My fingers curl around the edge of the desk. “You’re sure?”
“Cross-referenced with footage. Different drivers. Different crates. Same manifest,” he says, choosing to ignore what I’m sure he’s seen in my demeanor.
I’m grateful, but I don’t want to be grateful. Gratitude feels too close to dependence, and dependence is dangerous. It makes my chest tighten in defense, even as something warmer—something quieter—uncoils just beneath the surface. I don’t want to feel the weird twist in my stomach that comes every time he looks at me like that—like this is more than a job to him. Like he sees me. Not just the bakery, not just the problem. Like I’m not alone in this. And maybe that’s what scares me most of all.
“Thanks,” I say, voice quiet.
He finally looks at me then, eyes dark and steady. “Don’t thank me. Just stay sharp.”
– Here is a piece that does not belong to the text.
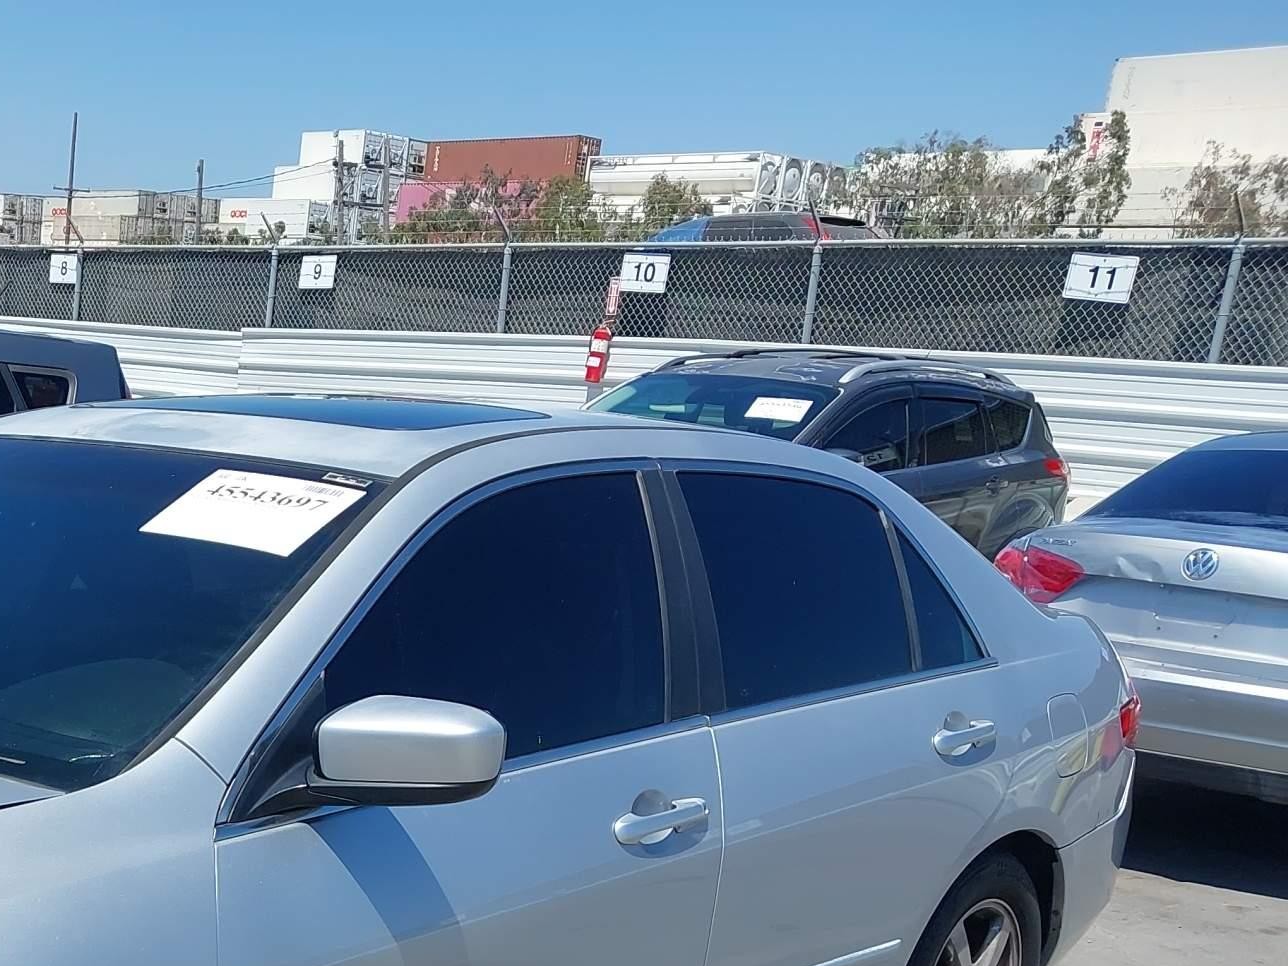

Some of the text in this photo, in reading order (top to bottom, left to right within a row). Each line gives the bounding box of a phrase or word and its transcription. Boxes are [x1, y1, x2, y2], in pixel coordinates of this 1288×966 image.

The words are simple. But the look? That look carries something weightier than reassurance. It’s steady, unreadable, and far too focused on me—not just the problem. It makes my throat close up, the pressure building there a mix of panic and something I refuse to name. Like he sees too much. Like he already knows what I’m trying so damn hard to hide.
I walk away before I say something I’ll regret—something sharp, something too raw. I clench my jaw so tight that my teeth ache. Gideon says nothing but follows behind me like a shadow made of flesh and purpose. I try to ignore him, but Gideon is a difficult man to ignore—too steady, too present, and far too good at making me feel like I’m not nearly as alone as I need to be.
That night, long after Gideon has left to do whatever shadowy patrol thing he does, I sit alone in my condo with the lights dimmed low and my pulse still fluttering beneath my skin. I can’t relax—not with the day’s unease still thrumming in my bones, not with the image of broken glass buried in sugar burned into the backs of my eyes. I replay it in my mind, the silence in the room so deep it seems to echo off the walls.
I watch the video Gideon left for me, dragging the cursor frame by painstaking frame, every second a punch of tension in my chest. Delivery by delivery blurs together, but my eyes stay locked to the screen, searching for something I can’t name—until it’s there. A flicker of movement. A shadow turning just enough to make my breath still in my lungs. I see it.
A hoodie. A posture. A flash of a jawline, a turn of the shoulder. Just enough to make my breath catch hard in my throat. My stomach drops, icy dread seeping into my limbs. It can’t be—but my body reacts before my brain can argue. I know that walk. That casual arrogance in the way they move, like they own the ground beneath their feet. And if I’m right—and God, I’m certain I am—then someone I once trusted, someone I’ve let into my world, has come back to tear it all down from the inside. This time, they’re not hiding anymore. They’re circling.